Education Cities Releases the First National Comparative Measure of the Achievement Gap

The Education Equality Index Identifies How Equitably Schools, Cities and States Serve Students from Low-Income Families Compared to their More Advantaged Peers

WASHINGTON — In most major U.S. cities, the achievement gap between students from low-income families and their more advantaged peers stagnated or grew between 2011 and 2014 according to the Education Equality Index (EEI), a first-of-its-kind tool measuring the achievement gap released today. However, according to the EEI, in 90 percent of major U.S. cities, there are individual schools that are closing or have closed the achievement gap suggesting that greater equality is achievable.

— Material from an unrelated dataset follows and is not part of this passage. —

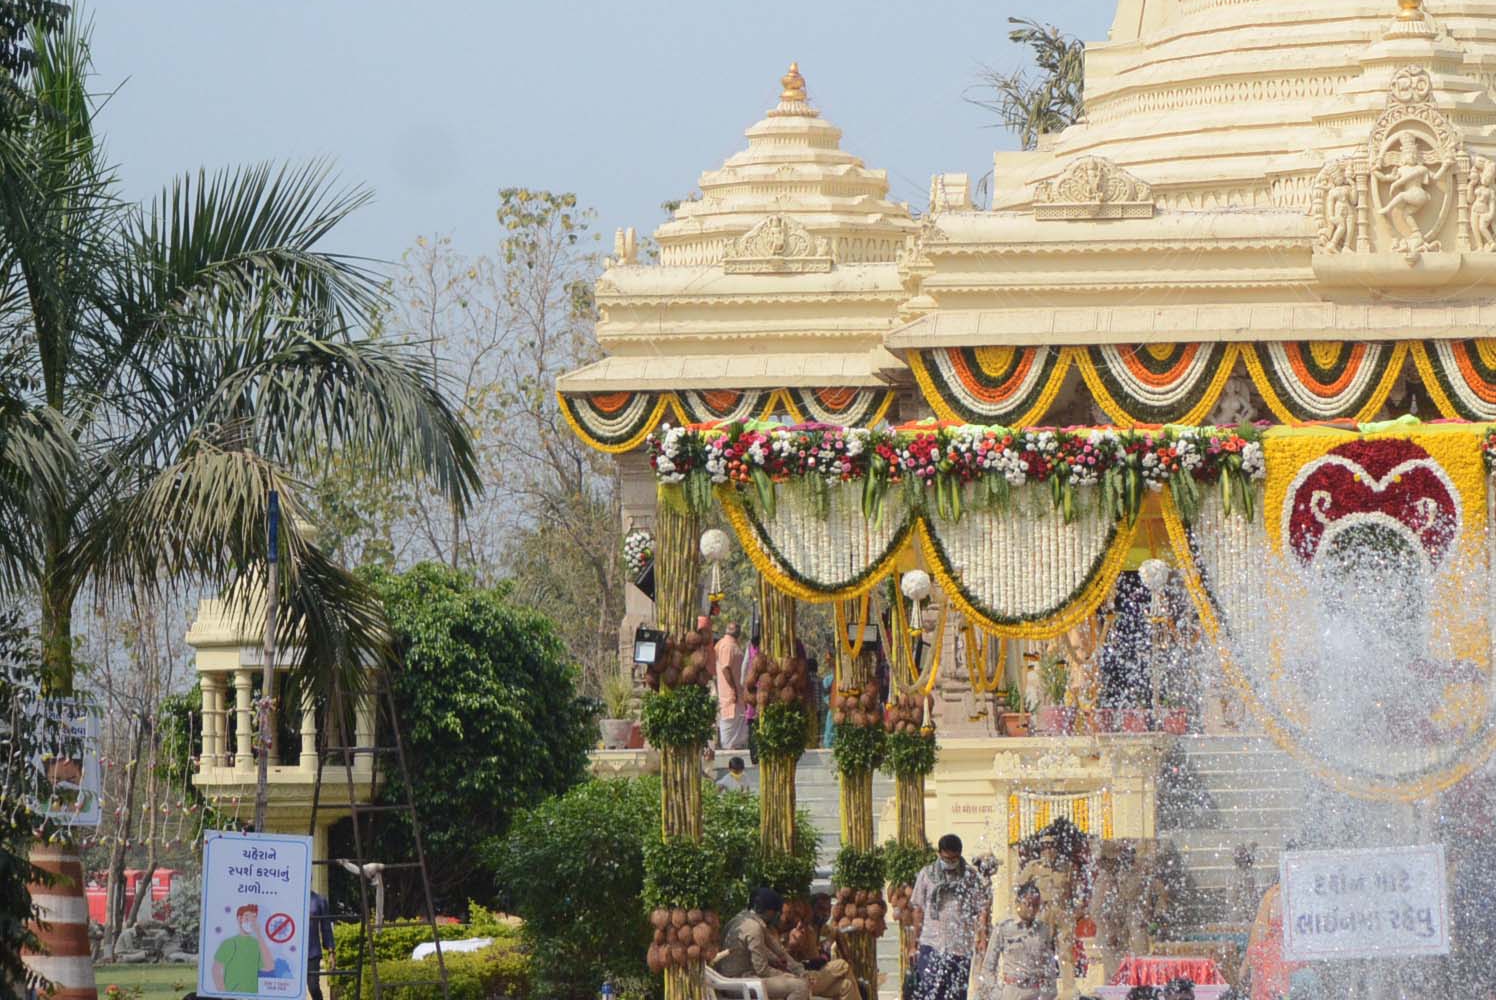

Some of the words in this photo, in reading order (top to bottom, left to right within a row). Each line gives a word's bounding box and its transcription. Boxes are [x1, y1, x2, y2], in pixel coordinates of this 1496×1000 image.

[242, 846, 278, 861] ચહેરાને
[228, 864, 253, 878] સ્પર્શ
[256, 864, 291, 882] કરવાનું
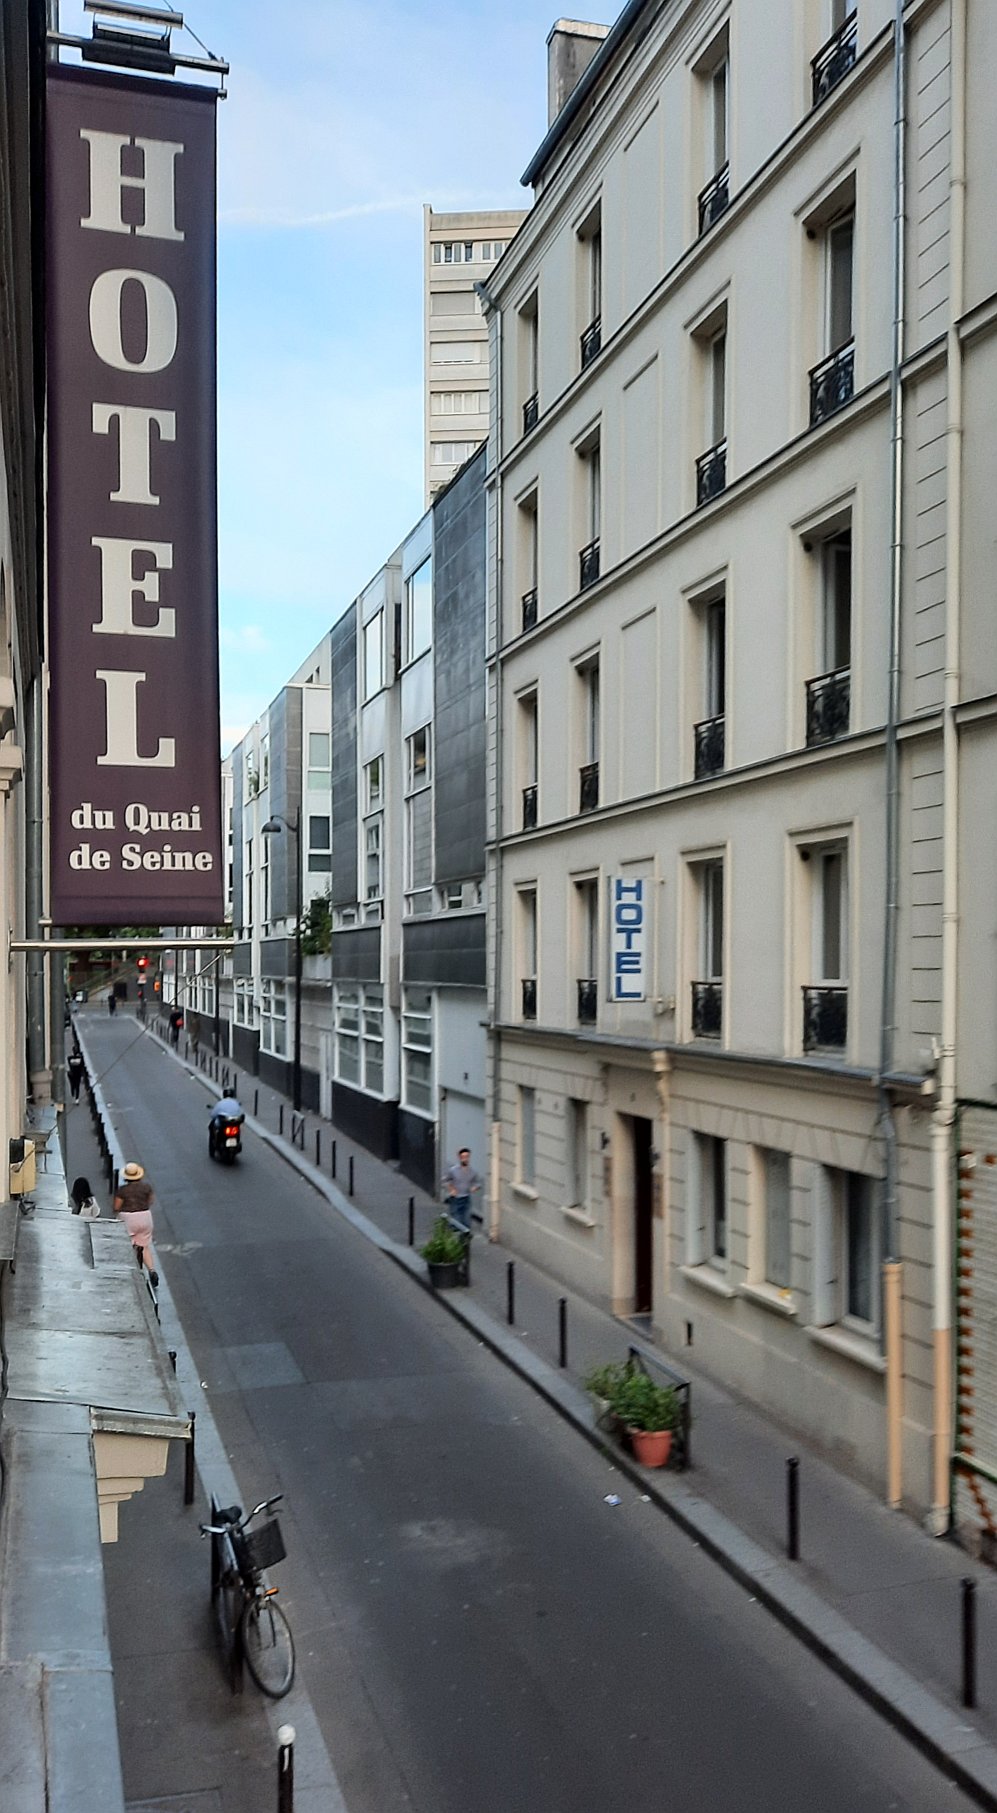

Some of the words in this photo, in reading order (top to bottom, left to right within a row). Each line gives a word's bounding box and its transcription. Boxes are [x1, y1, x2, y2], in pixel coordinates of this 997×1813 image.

Funded by the Michael & Susan Dell Foundation and developed in partnership by the foundation, Education Cities, and GreatSchools, the EEI features school, city, and state-level data covering the nation’s 100 largest cities in 35 states. The EEI also names up to 10 schools in every major U.S. city with the smallest achievement gaps that serve a student population where the majority are from low-income families.

“Equality of opportunity is an American ideal,” said Ethan Gray, Founder and CEO of Education Cities. “The Education Equality Index shows that while we, as a nation, have a long way to go to ensure our most vulnerable children have the opportunities they need to thrive, there are schools in almost every city proving that equality is possible.”